Neutral lipid storage disease
Abstract
Neutral lipid storage disease (NLSD) is a group of autosomal recessive disorders characterized by the excessive accumulation of neutral lipids in multiple tissues. Recently, two genes, adipose triglyceride lipase (ATGL/PNPLA2) and CGI-58/ABHD5, have been shown to cause NLSD.
ATGL specifically hydrolyzes the first fatty acid from triacylglycerols (TG) and CGI-58/ABHD5 stimulates ATGL activity by a currently unknown mechanism. Mutations in both the ATGL and the CGI-58 gene are associated with systemic TG accumulation. Yet, the resulting clinical manifestations are not identical. Patients with defective ATGL function suffer from more severe myopathy (NLSDM) than patients with defective CGI-58 function. On the other hand, CGI-58 mutations are always associated with ichthyosis (NLSDI), which was not observed in patients with defective ATGL function. These observations indicate an ATGL-independent function of CGI-58. This review summarizes recent findings with the goal of relating structural variants of ATGL and CGI-58 to functional consequences in lipid metabolism.

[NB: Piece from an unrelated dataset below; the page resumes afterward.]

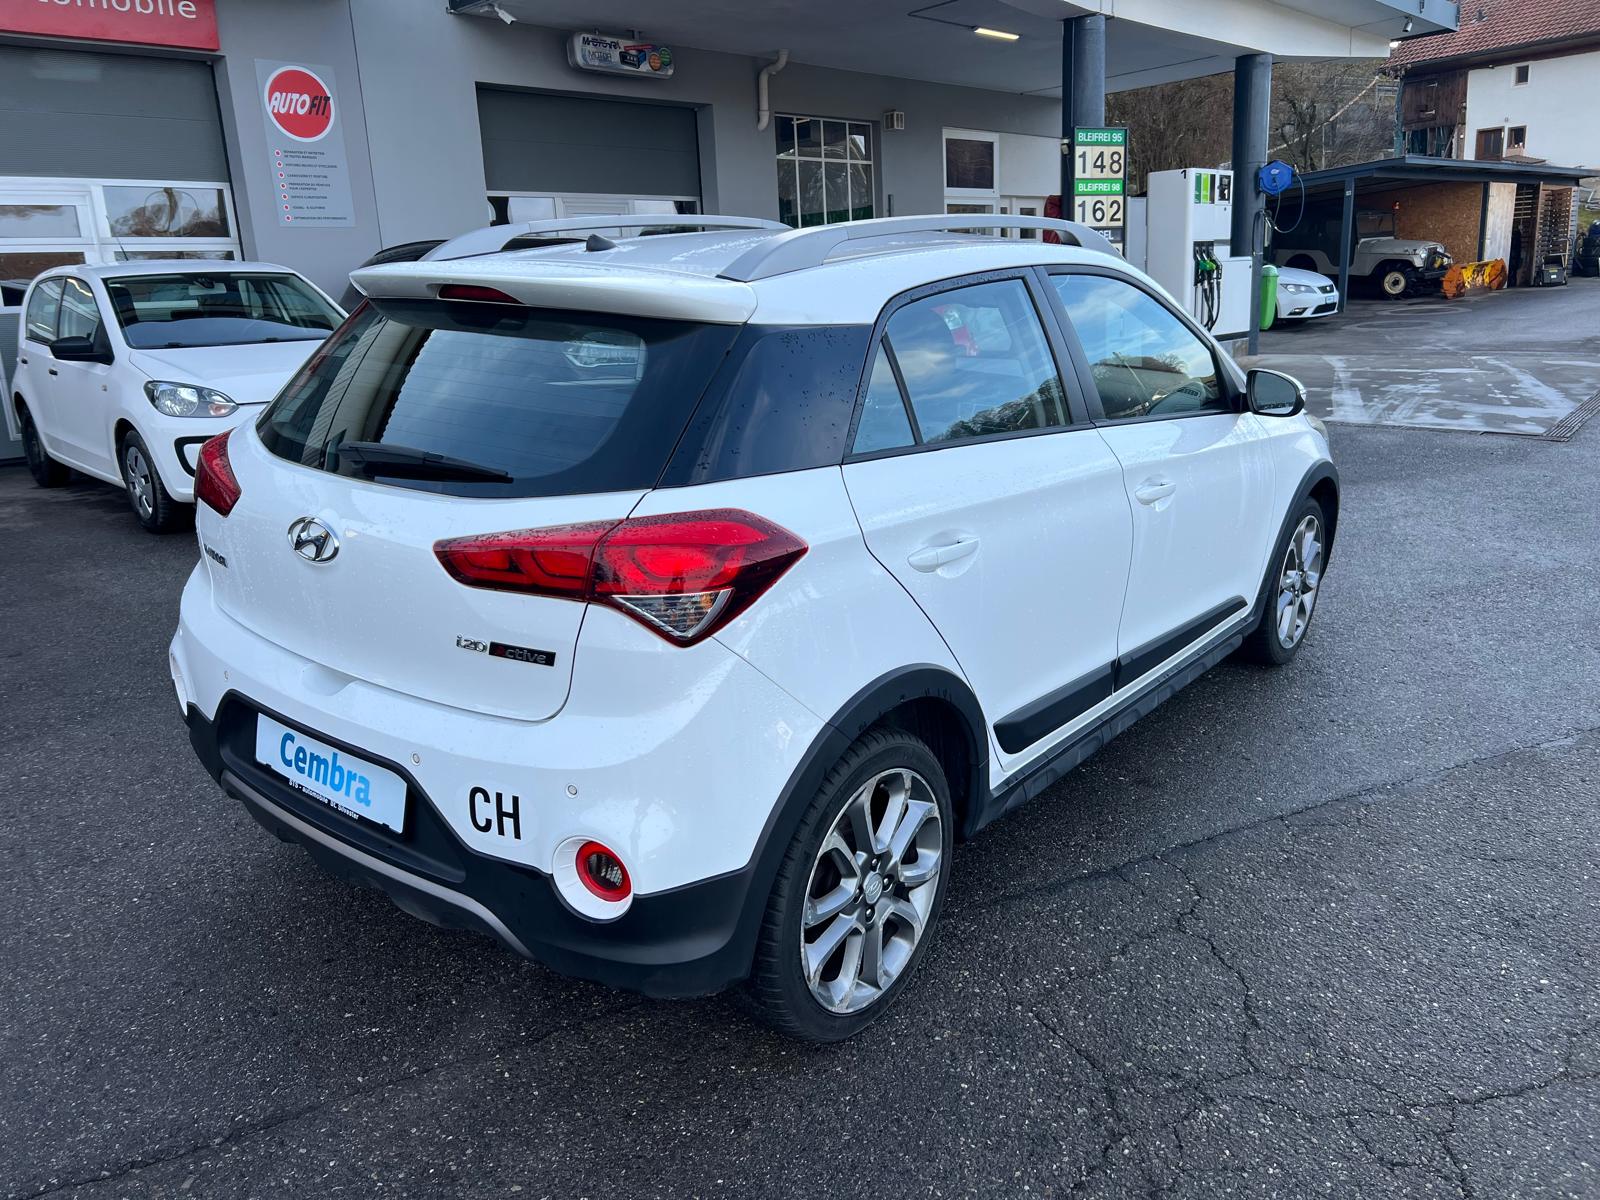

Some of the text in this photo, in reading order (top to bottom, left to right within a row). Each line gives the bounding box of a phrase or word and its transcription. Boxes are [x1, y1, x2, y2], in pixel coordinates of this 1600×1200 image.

Neutral lipid storage disease with ichthyosis
Neutral lipid storage disease (NLSD) is a rare non-lysosomal, autosomal recessive lipid storage disorder characterized by systemic triacylglycerol (TG) deposition in multiple tissues including skin, muscle, liver, central nervous system, and blood leukocytes. One of the diagnostic characteristics of NLSD, the lipid containing vacuoles in leukocytes, was originally observed by Jordans in two brothers suffering from muscular dystrophy and subsequently the condition was named Jordans’ anomaly. In 1966, Rozenszajn described two sisters exhibiting the clinical manifestation of neutral lipid containing vacuoles in leukocytes combined with severe ichthyosis. In the 1970s, Dorfman and Chanarin et reported additional cases of NLSD with ichthyosis and lipid accumulation in leukocytes,gastrointestinal epithelium, bone marrow, cultured fibroblasts, liver, and striated muscle.
More variable clinical features included liver steatosis, hepatosplenomegaly, skeletal- and cardiomyopathy, double-sided cataracts, growth retardation, ataxia, bilateral sensorineural hearing loss, horizontal nystagmus, and/or mental retardation (7;12;45). In recognition of these early works, NLSD with ichthyosis was subsequently named Chanarin-Dorfman-Syndrome (CDS).
The specific form of ichthyosis associated with CDS represents non-bullous congenital ichthyosiform erythroderma and is characterized by a pronounced defect in the permeability barrier function of the skin . The condition is thought to result from the excessive incorporation of non-polar lipids into the lamellar membrane. As a consequence, lipid microinclusions form a non-lamellar phase within the stratum corneum interstices, impairing the barrier function (10;13).